Private hospitals must do more to shoulder the burden of COVID-19 in India

Picture credit: NIAID, via Wikimedia Commons

In their recent article in The Wire – The Government Must Stop Appeasing the Private Healthcare Sector – Ramila Bisht and Rama Baru criticise timid and fragmented attempts by the Indian government to draw on the capacity of the country’s large private hospital sector during the COVID-19 response, concluding with the observation that:

‘The private healthcare sector is more focused on seeking government support for itself, rather than volunteering to partner with the government in dealing with a public health crisis.’

In this post they call for firmer action to be taken: a requisitioning of private hospitals to ensure equitable provision of services to the public during the current public health crisis.

Private hospitals must do more to shoulder the burden of COVID-19 in India

The private healthcare sector in India is quintessentially playing an extremely limited role being to help the government to handle the COVID-19 pandemic and has left public hospitals to cope almost entirely with the disease burden. The private sector has found itself totally unprepared to face a pandemic of such serious proportions, as they are inadequately equipped with safety gear and the local knowledge and expertise regarding this deadly lethal virus. In fact, their preparation has been so lacking and deficient that they have been unable to prevent infections amongst their own staff, which has led to the forced closure of many private hospitals.

But what is worse is that in the midst of this crisis, the private sector has sought a wide range of benefits, relief packages, subsidies and exemptions from the government, as compensation for the financial losses it has incurred due to the reduced ‘regular patient’ footfall that is inevitable during the pandemic and as a result of the lockdown.
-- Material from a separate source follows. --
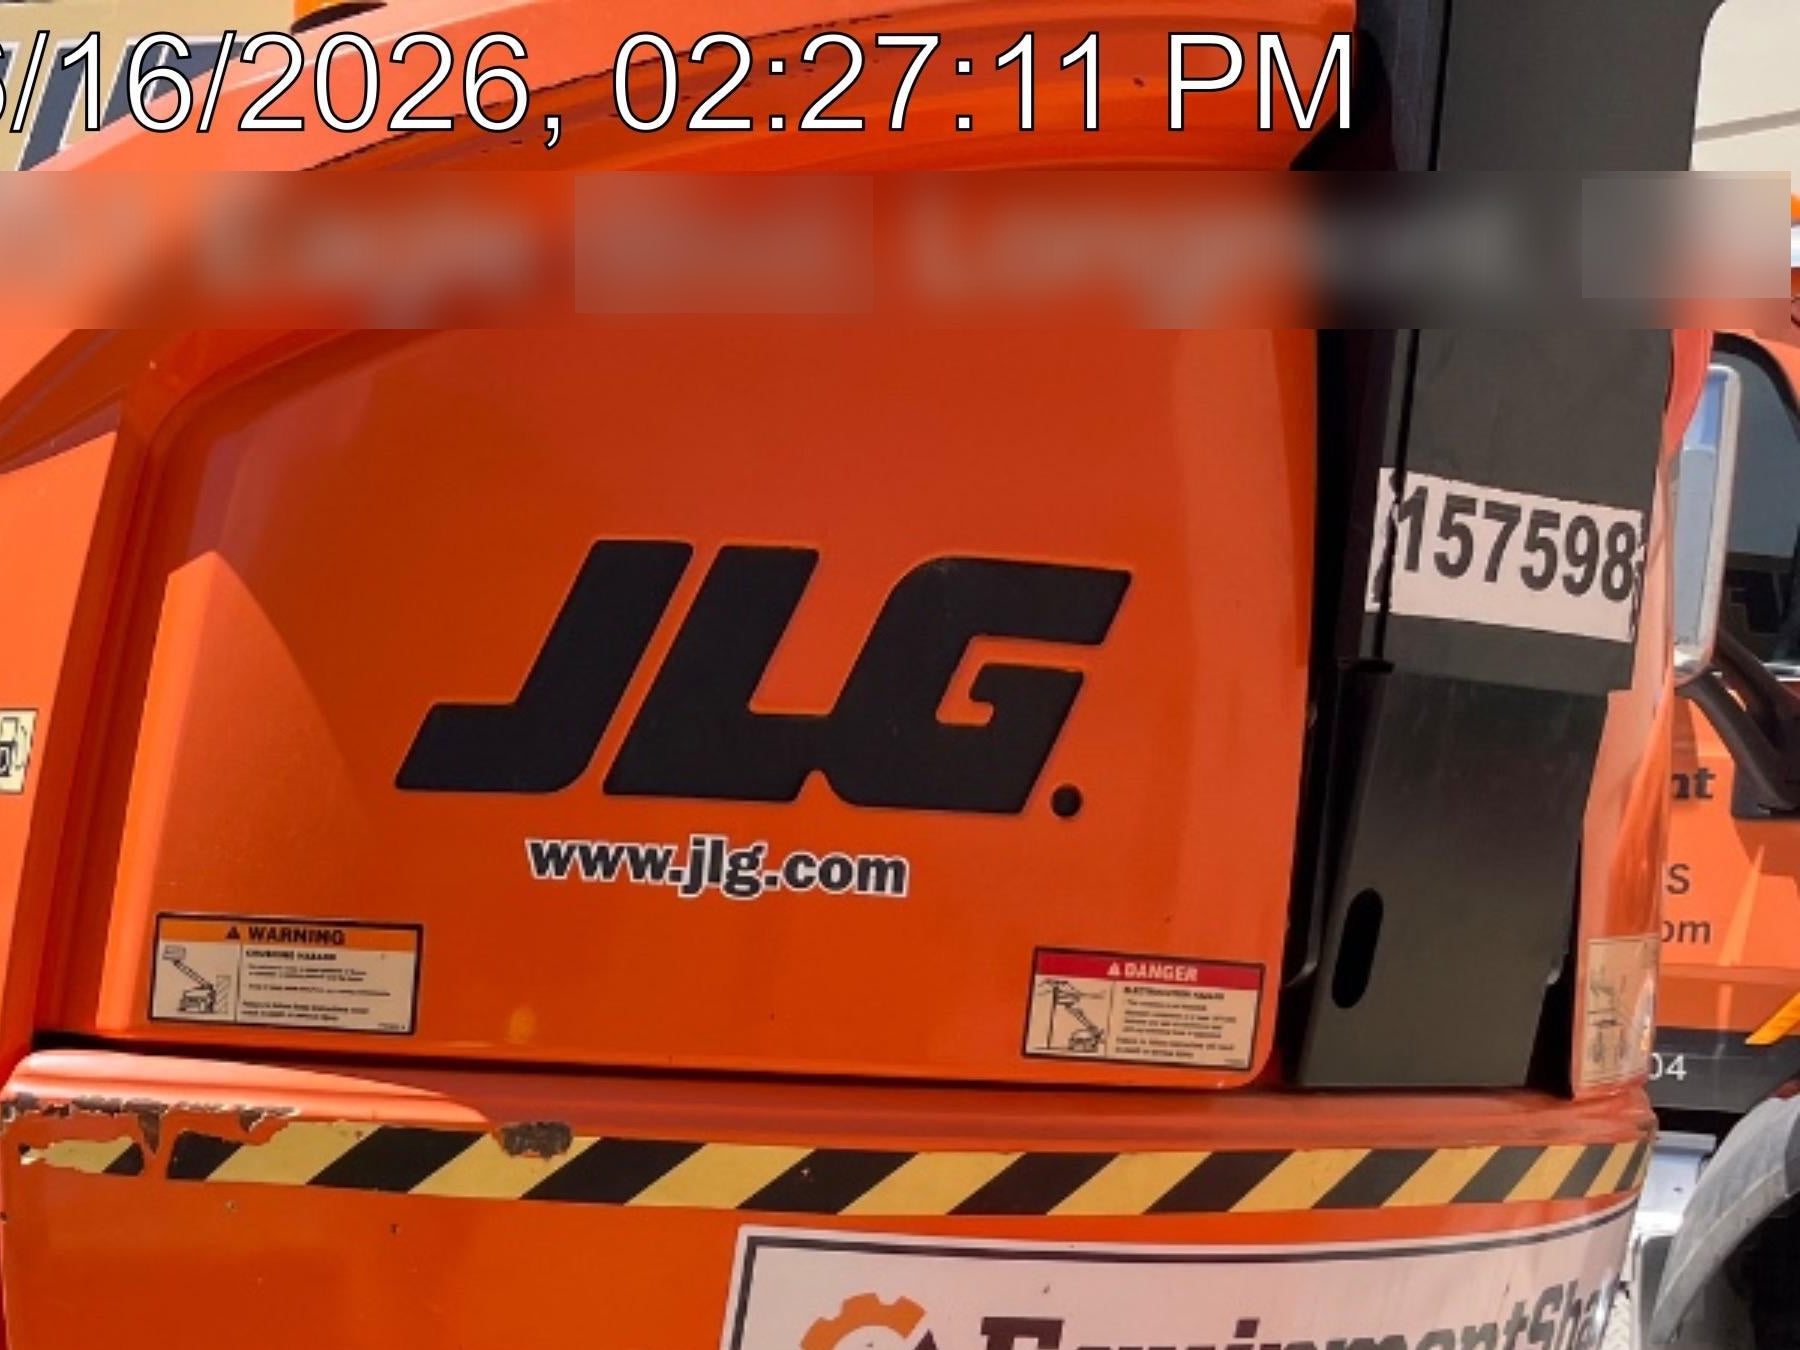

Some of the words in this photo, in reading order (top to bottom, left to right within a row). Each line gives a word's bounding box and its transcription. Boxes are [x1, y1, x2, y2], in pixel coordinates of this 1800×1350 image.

[1397, 485, 1638, 603] 157598
[526, 835, 910, 900] www.jlg.com
[247, 926, 345, 946] WARNING
[1124, 964, 1199, 982] DANGER
The continued absence of political will to requisition the private sector, as a well thought out strategy to ensure its systematic involvement, is both baffling and problematic.

Instead of bailing private hospitals out, the Indian government should require private hospitals to make their ICU facilities and isolation wards available immediately, and work closely with the public sector hospitals to alleviate the severe burden of people with moderate and severe COVID-19 cases that require hospitalisation.

The National Disaster Management Act has provisions for the government to requisition required services from the private sector to handle national emergencies and public health crises like the COVID-19 pandemic, and the government must invoke this right immediately to force private hospitals to provide emergency services to the public.